The United Nations (UN) has said Micro, Small and Medium-sized Enterprises (MSMEs) are vulnerable to rising inflation and supply chain disruptions due to the conflicts, commodity dependence, geopolitical tensions, and pandemics that drive social and economic instability among the most vulnerable women- and youth-owned enterprises which are often at risk of external shocks.

The World Bank statistics show that access to finance is disproportionately difficult for smaller firms in the least developed countries (LDCs), with 41 percent of SMEs in LDCs reporting access to finance as a major constraint to their growth and development, by comparison to 30 percent in middle-income countries (MICs) and only 15 percent in high-income countries (HICs).

The UN, therefore, expressed the need for the enhancement of policies that support MSMEs development and entrepreneurship for women and youth with a courtesy call for policymakers and businesses to join forces to ensure economically viable, socially, and environmentally sustainable supply chains.

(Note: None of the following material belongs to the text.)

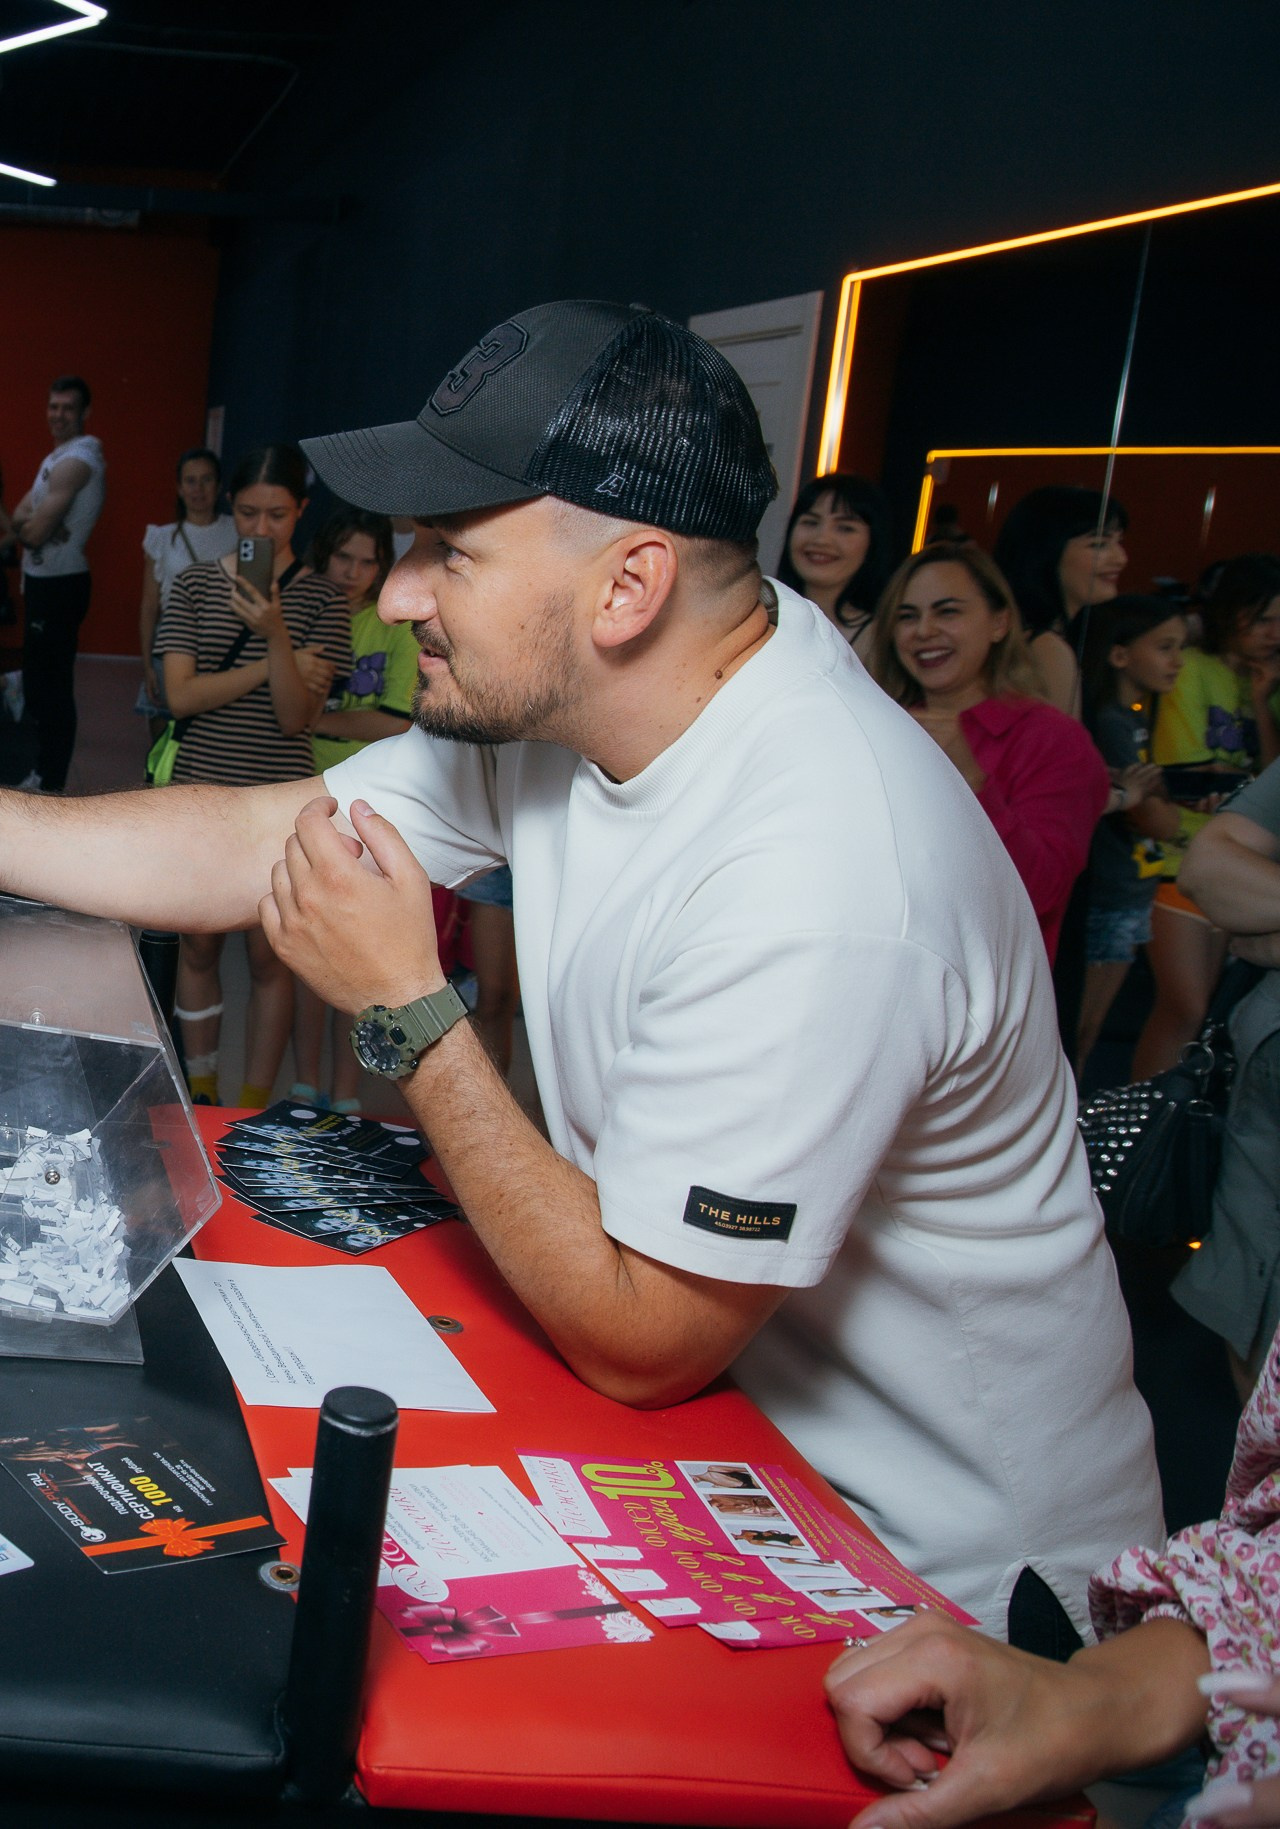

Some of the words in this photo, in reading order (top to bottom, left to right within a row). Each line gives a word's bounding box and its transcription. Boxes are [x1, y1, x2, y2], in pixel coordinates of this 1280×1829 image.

“Facing limited access to affordable finance, capacity-building support, partnership networks, and global markets, women and young entrepreneurs need help to overcome the numerous challenges that frequently stifle the growth of their businesses, confining many of them to informality or necessity entrepreneurship.

“Policies that strengthen capacities and support MSMEs development and entrepreneurship for women and youth need to be at the forefront to address those challenges, lower and remove barriers, and provide an operating environment for women- and youth-owned businesses to grow, thus contributing to the full achievement of SDGs 1, 4, 5, 8, 9, 10 and the “leave no one behind” promise of the 2030 Agenda for Sustainable Development and its Sustainable Development Goals, ” said the UN.

MSMEs account for 90% of businesses, 60 to 70% of employment and 50% of Gross Domestic Product (GDP) worldwide with the World Bank statistics showing that in emerging markets, most formal jobs are generated by SMEs, which create 7 out of 10 jobs.

MSMEs have been believed to be the backbone of societies everywhere and contribute to local and national economies and to sustaining livelihoods hence the need for increased support.

“MSMEs hold the potential to transform economies, foster job creation, and promote equitable economic growth if given adequate support,” added the UN.

According to the World Bank,600 million jobs will be needed by 2030 to absorb the growing global workforce, which makes SME development a high priority for many governments around the world.

The United Nations General Assembly designated 27 June as “Micro-, Small, and Medium-sized Enterprises Day” to raise awareness of the tremendous contributions of MSMEs to the achievement of the United Nations Sustainable Development Goals (SDGs).